My ejection fraction is at 48%. The normal range starts at 55%, so I’m really just below that but it’s enough of a concern to send me to a cardiologist and to cancel next week’s treatment.
My concern is not that there is permanent heart damage (although it’s a bit freaky to think that my poor heart is a bit over-stressed) because Herceptin damage is usually reversible. My fear is the length of time it will take my heart to bounce back and what my treatment options are in the interim. And what if the toxicity has built up to a sufficient level that long term treatment with Herceptin is no longer viable?
This drug has been my magic potion, the one I credit with my remission and the fact that I’m here today. I’m not ready to think about giving it up.
And I don’t have to. Not yet. Going to try and save all my questions for the cardiologist and, in the interim, carry on with my happy, busy life.
Update: I have an appointment with a cardio-oncologist on October 3rd.
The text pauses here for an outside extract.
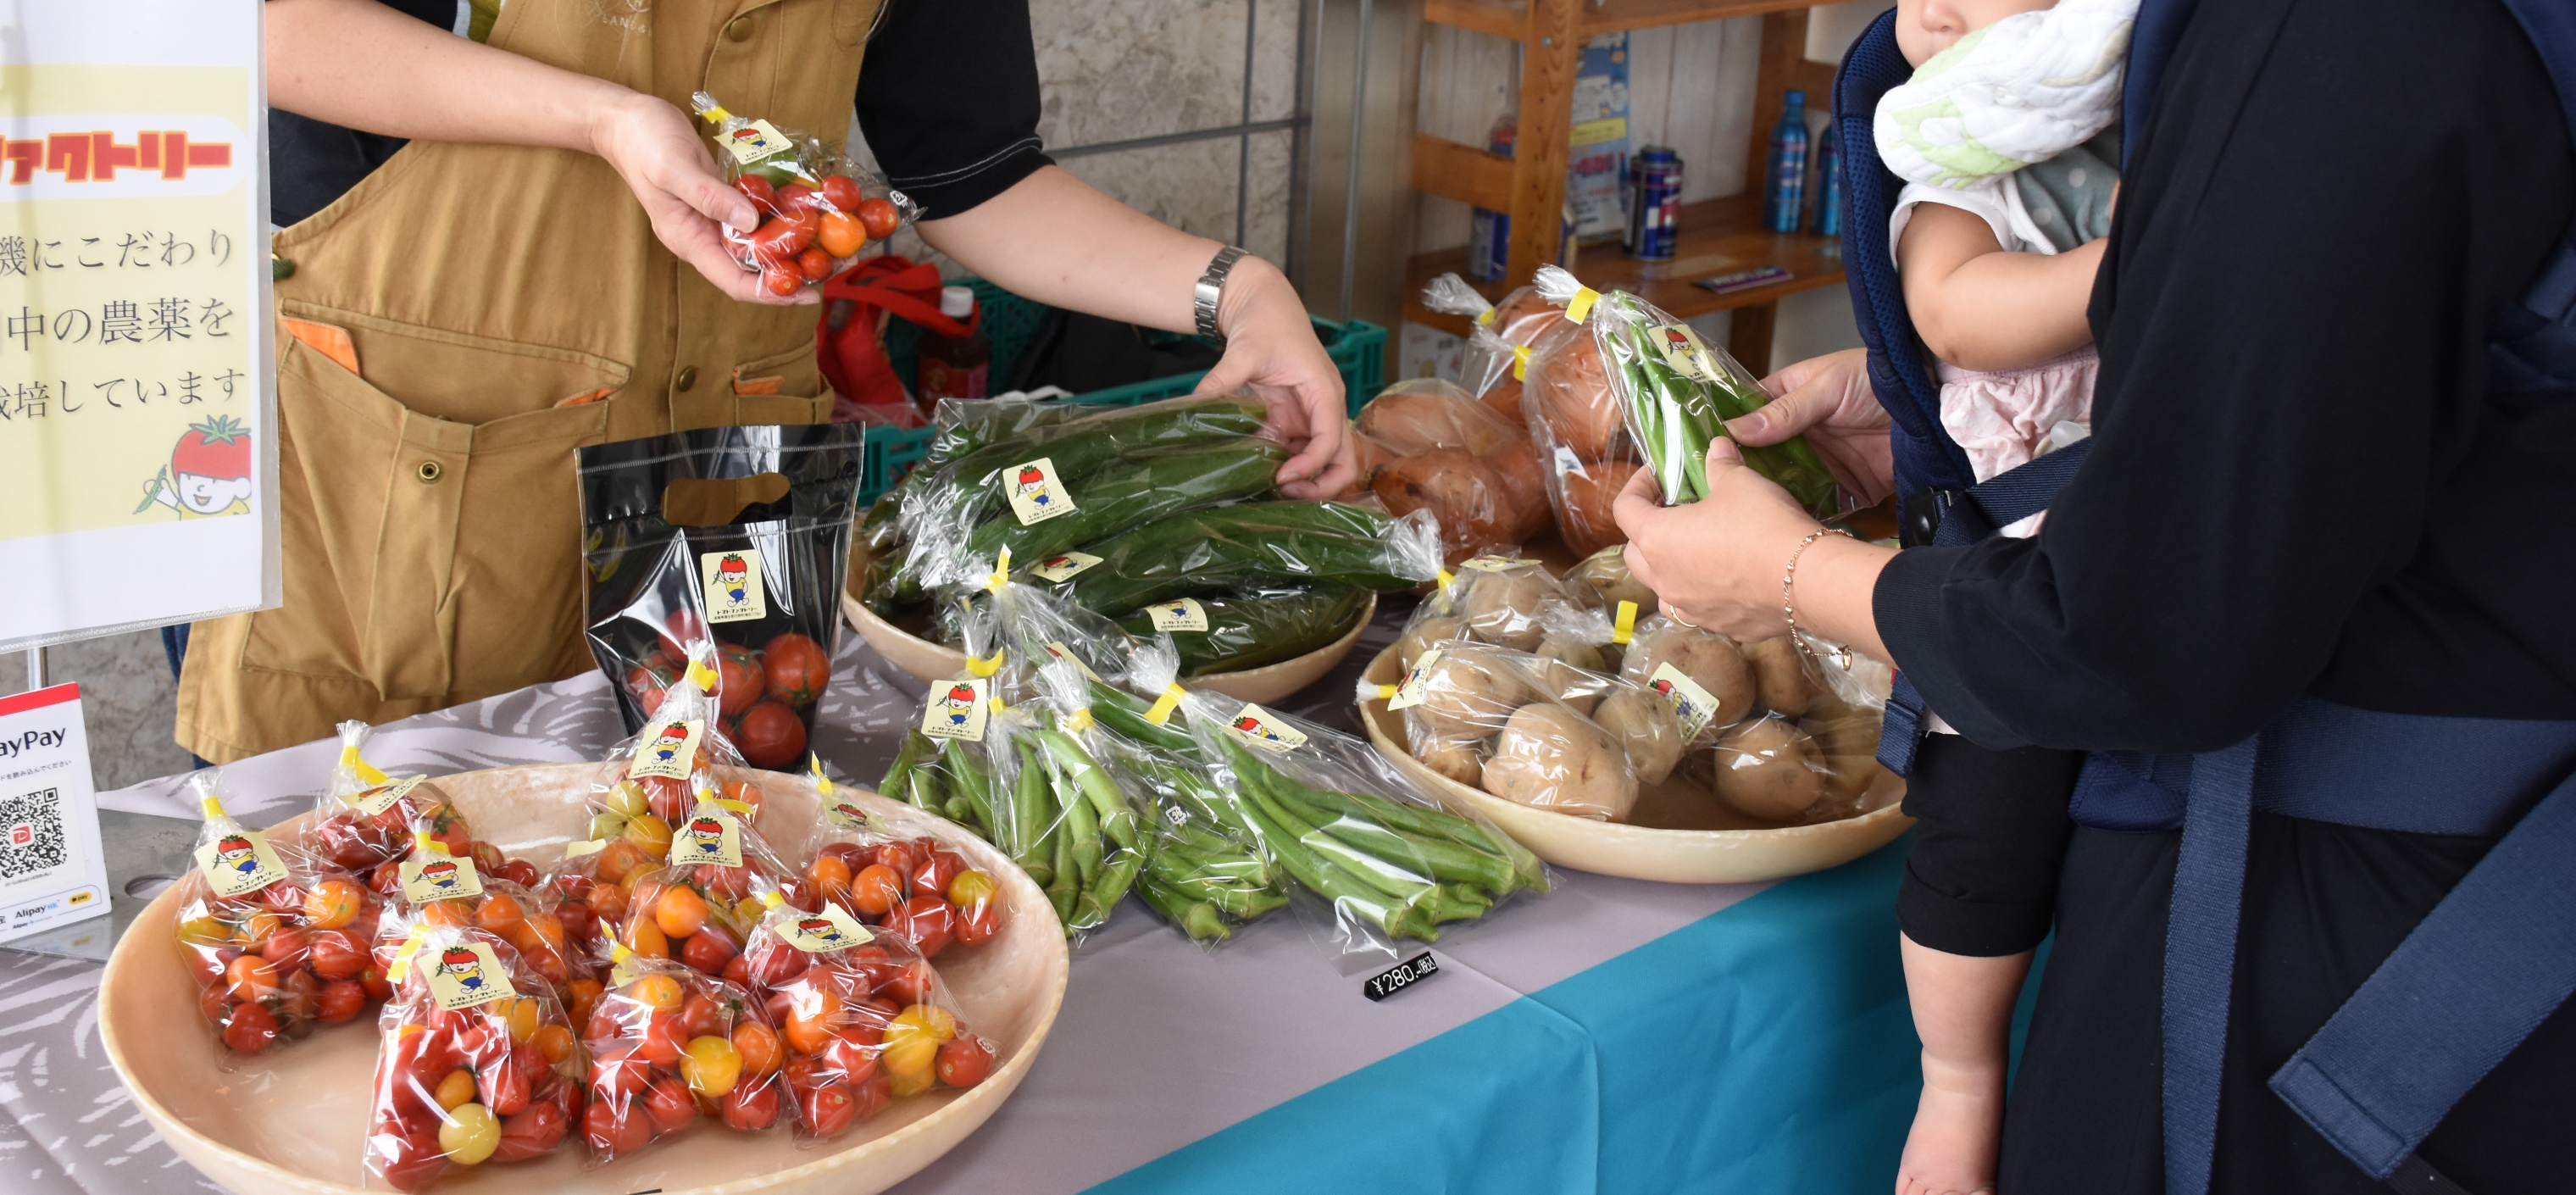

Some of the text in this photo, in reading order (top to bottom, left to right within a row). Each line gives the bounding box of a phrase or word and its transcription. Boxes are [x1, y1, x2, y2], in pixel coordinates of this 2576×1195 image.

[0, 130, 232, 186] ァクトリー
Cross posted from Not Just About Cancer.
When my heart function dropped during treatment they put me on Lisinprol which I stayed on up until 3 months ago — 1 year after treatment ended. Not sure if it actually did anything but the docs thought it might take some of the pressure off the heart. My ejection fraction had dropped to 45. Throughout this time I continued to do triathlons, running and biking races as well and my heart was ok. So see if Lisiniprol is an option and maybe they can continue with the Herceptin and not have to stop it.